The UN sanctions that were due to be lifted on 18 October were on individuals and entities involved in Iran’s missile, nuclear and other weapons programmes. They will now be incorporated into domestic legislation in the UK, France and Germany.


A Foreign Office spokesperson said: “Iran continues to breach its commitments under the JCPOA and advance its nuclear programme beyond all credible civilian justification.


“Alongside our French and German partners, we have taken a legitimate and proportionate step in response to Iran’s actions.


“The UK and our partners remain committed to a diplomatic solution but Iran must now take clear steps towards de-escalation. We are committed to preventing Iran from developing nuclear weapons.”


The UK said Iran’s stockpile of enriched uranium was 18 times the limits set out in the JCPOA, and hundreds of advanced centrifuges had been built and deployed. Iran has justified its action as a legitimate response after Donald Trump removed the US from the deal.

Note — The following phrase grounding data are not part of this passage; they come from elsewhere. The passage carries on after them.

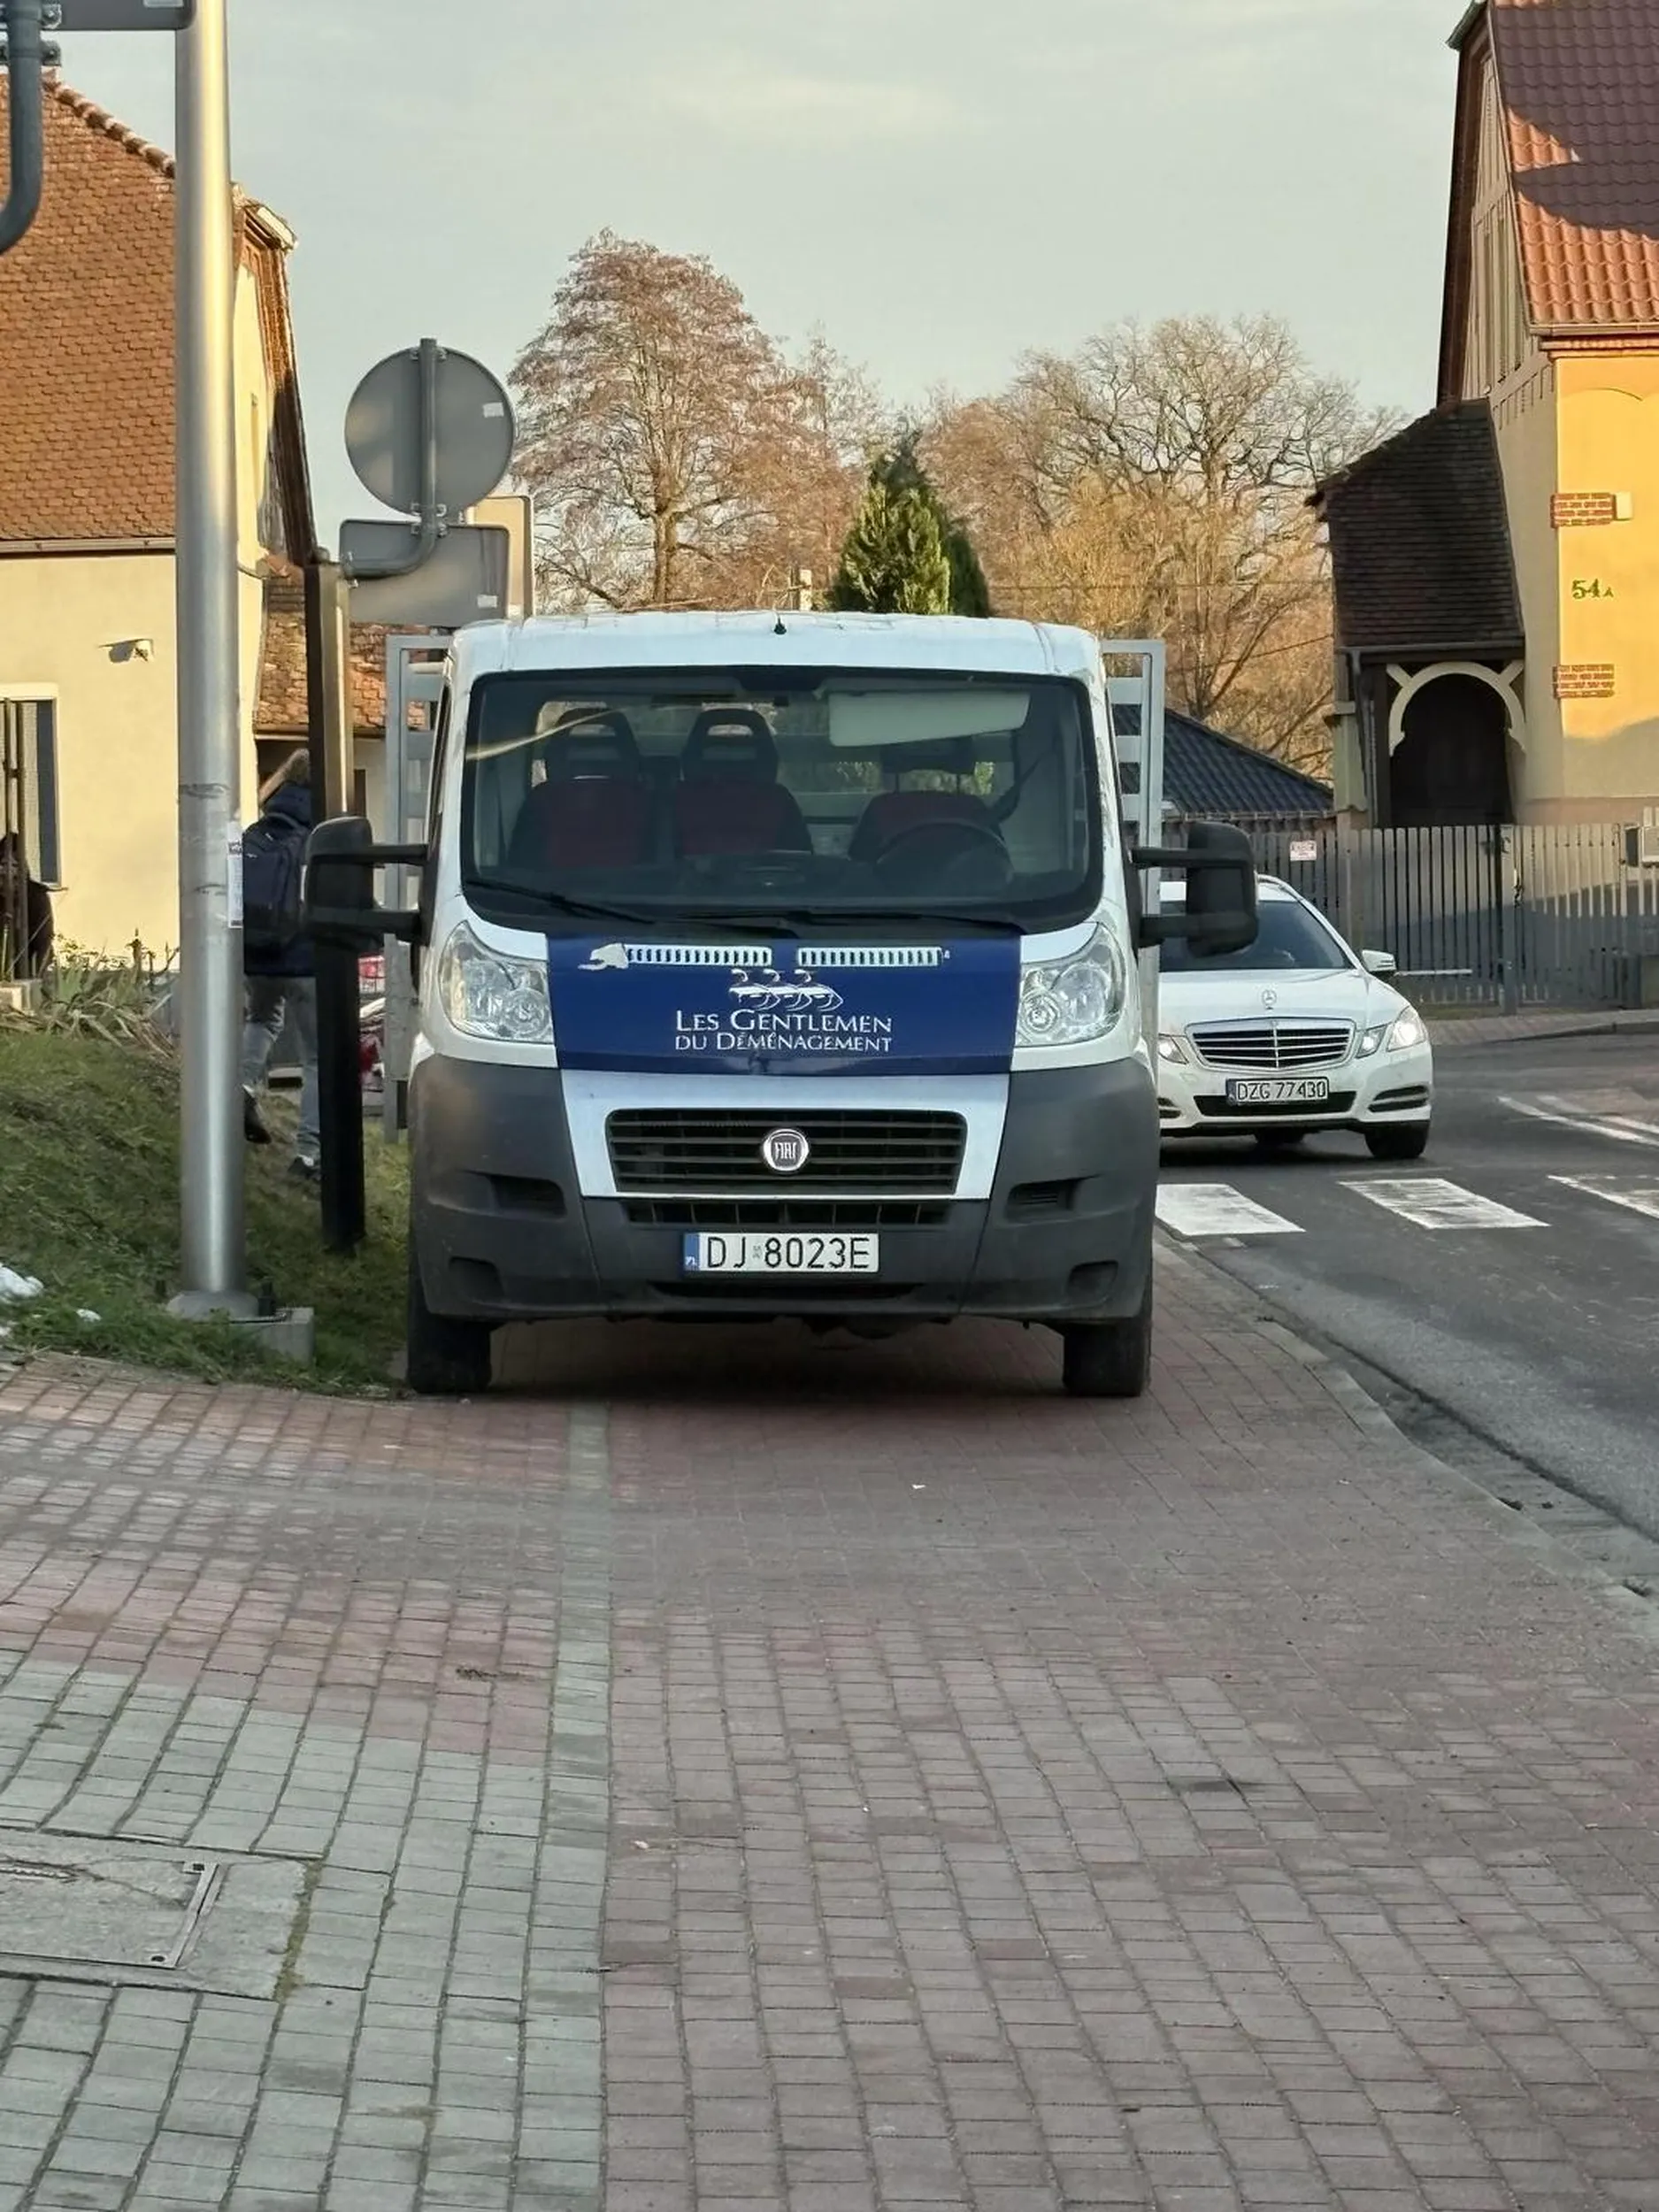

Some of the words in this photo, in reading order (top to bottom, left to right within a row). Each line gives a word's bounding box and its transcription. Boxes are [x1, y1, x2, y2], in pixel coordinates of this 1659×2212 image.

[675, 1034, 707, 1050] DU
[1238, 1082, 1271, 1100] DZG
[1275, 1080, 1326, 1098] 77430
[708, 1237, 746, 1268] DJ
[764, 1237, 870, 1268] 8023E

At a board meeting of the International Atomic Energy Agency earlier on Thursday, 63 countries signed a statement saying Iran was in breach of its undertaking to explain the discovery of uranium particles at undisclosed sites to UN nuclear inspectors.


Iran recently diluted a small part of its stockpile of 60%-enriched uranium.


According to Israel, Iran has enough enriched uranium for a single nuclear bomb to be constructed within a week, but it does not have the capability to fire such a weapon.


In an informal agreement with the US, separate to the 2015 nuclear deal, Iran said it would not take its enriched uranium above 60% and would release five US citizens held in Iran. It is expected that, in return, the US would release via Qatar $6bn of Iranian assets held in South Korea, as well as five Iranian prisoners held in the US.


The five US prisoners have already been released from Evin jail, in Tehran, and are in accommodation elsewhere in the capital. One of the five is Morad Tahbaz, a British-American environmentalist who was arrested in 2018 and was left behind by the then British foreign secretary, Liz Truss, when she negotiated the release of two British Iranians, Nazanin Zaghari-Ratcliffe and Anoosheh Ashoori.


On Thursday, Iran’s permanent mission to the UN in New York said: “Under a prisoner-swap deal between the two countries, the five Iranian nationals who were held illegally for circumventing Washington’s anti-Iran sanctions will be released.”


It added that some of them would return to Iran, while others would remain in the US.